The Model Should Not Be the Policy Engine

Models are useful at interpreting messy requests. They can summarize intent, classify risk, notice missing context, and explain why a rule may apply. That does not make them the right place to enforce policy.

The thesis

The model can advise on policy, but policy decisions that gate real tools should be enforced outside the model.

This is especially important when agents have side effects. A prompt can say, "Never deploy to production without approval." A model can repeat that rule. It can even refuse most unsafe requests. But if the deployment tool accepts the call anyway, the real policy boundary is the model's next token. That is not a boundary I want protecting production.

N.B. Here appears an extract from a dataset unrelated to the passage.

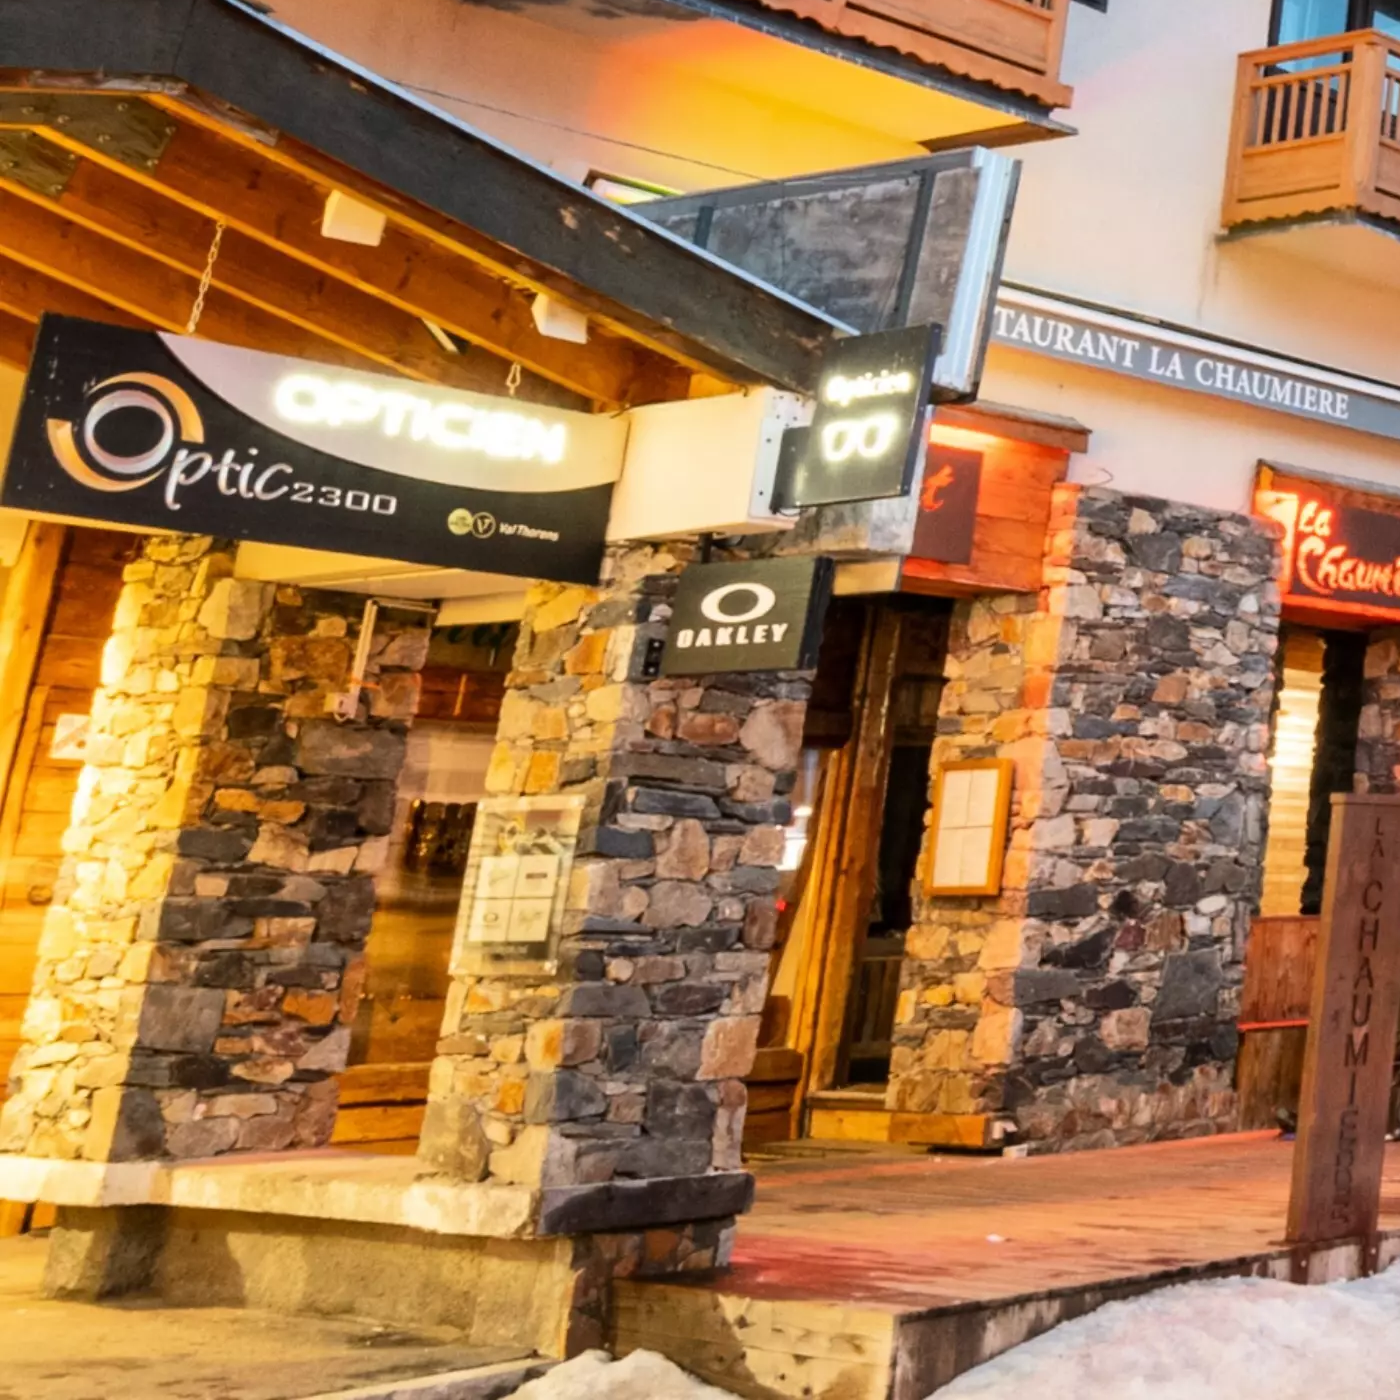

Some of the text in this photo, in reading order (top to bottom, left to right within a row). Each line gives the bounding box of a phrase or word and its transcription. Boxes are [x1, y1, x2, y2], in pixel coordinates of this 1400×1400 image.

Policy needs a deterministic home with explicit inputs, auditable decisions, and authority over tool execution.

The production pattern

An agent is connected to a repository, issue tracker, messaging system, and deployment tool. The system prompt includes rules: do not write outside assigned files, do not message external users, do not deploy on Fridays, require approval for production, refuse secrets, and stop on failed verification.

This works in demos because the model usually follows the rules. It fails in production because rules conflict with task pressure and context ambiguity. The user says the deploy is urgent. The runbook says Friday freezes have exceptions. A previous summary says approval was granted. A tool description says production deploys are allowed for hotfixes. The model now has to arbitrate policy from a pile of language.

Even when the model makes the right call, the system cannot easily prove why. Which rule applied? Which principal had authority? Which resource was in scope? Was the approval current? Was the action denied or merely discouraged?

Those questions need policy decisions, not policy-flavored prose.

The model

I separate policy into subject, action, resource, context, and decision.

The subject is who or what is acting: agent id, user id, workspace, role, and delegated identity. The action is the requested operation: read, write, send, merge, deploy, delete, execute. The resource is the concrete target: file path, branch, ticket, account, environment, recipient, command, or service. The context includes time, approval id, proposal id, resource version, data classification, incident state, and risk tier.

The policy engine returns allow, deny, require approval, require narrower scope, or require verification. It should also return reasons and obligations. An obligation might be "approval must come from on-call," "write only allowed on branch agent/*," "external email must use approved draft id," or "command must run with network disabled."

The model still has a role. It can map natural language into a proposed action. It can explain to the user why approval is needed. It can ask for missing information. It can suggest a safer alternative. But it does not get to decide that a denied action is allowed because the wording changed.

This model also keeps policy close to tools. A write tool should check policy at execution time, not only during planning. If the resource changed or approval expired, the tool should deny the call even if the model expected success.

Where this goes wrong

The first failure is prompt-only enforcement. The model is told not to do something, but the tool is fully capable of doing it. A prompt injection, stale summary, or confused plan can move the model across the line.

The second failure is model-mediated exceptions. The policy says production deploys need approval. The model reads an old note saying "approval granted for hotfixes" and decides this case qualifies. If exception logic matters, it belongs in policy with explicit inputs.

The third failure is silent policy bypass through broad tools. A shell tool can modify files, call network services, read secrets, and run deploy scripts. If policy is attached only to named high-level tools, the agent may reach the same effect through a lower-level capability.

The fourth failure is no record of denial. If the model refuses in text, that refusal may never enter a policy log. Later, another run asks differently and succeeds. Denials should be structured events so repeated attempts are visible.

The counterpoint is that deterministic policy cannot understand every messy human request. That is true. The model is useful before the policy decision, where it turns messy intent into structured proposals. But once a proposal exists, enforcement should be explicit. If the proposal cannot be structured, that itself is a reason to stop.

What I do now

I put policy checks on the tool path. The write does not happen unless policy allows it or returns a specific approval requirement that has been satisfied. This applies even when the model already asked politely.

I keep policy inputs small and inspectable. A policy engine should not need the whole prompt. It needs the actor, action, resource, proposal, approval, context references, and relevant classifications. If the rule depends on a fact, that fact should have provenance.

I make policy results visible to the agent but not controlled by it. The agent can read "denied because resource outside owned files" and propose a narrower action. It cannot override the denial by arguing.

I also test policy with adversarial plans. Try to write through a different tool. Try to reuse expired approval. Try to change the resource after approval. Try to downgrade a production action into a generic command. A policy boundary that only works for friendly plans is not a boundary.

Closing takeaway

Use the model to interpret intent and explain constraints. Use policy outside the model to decide what tools may actually do.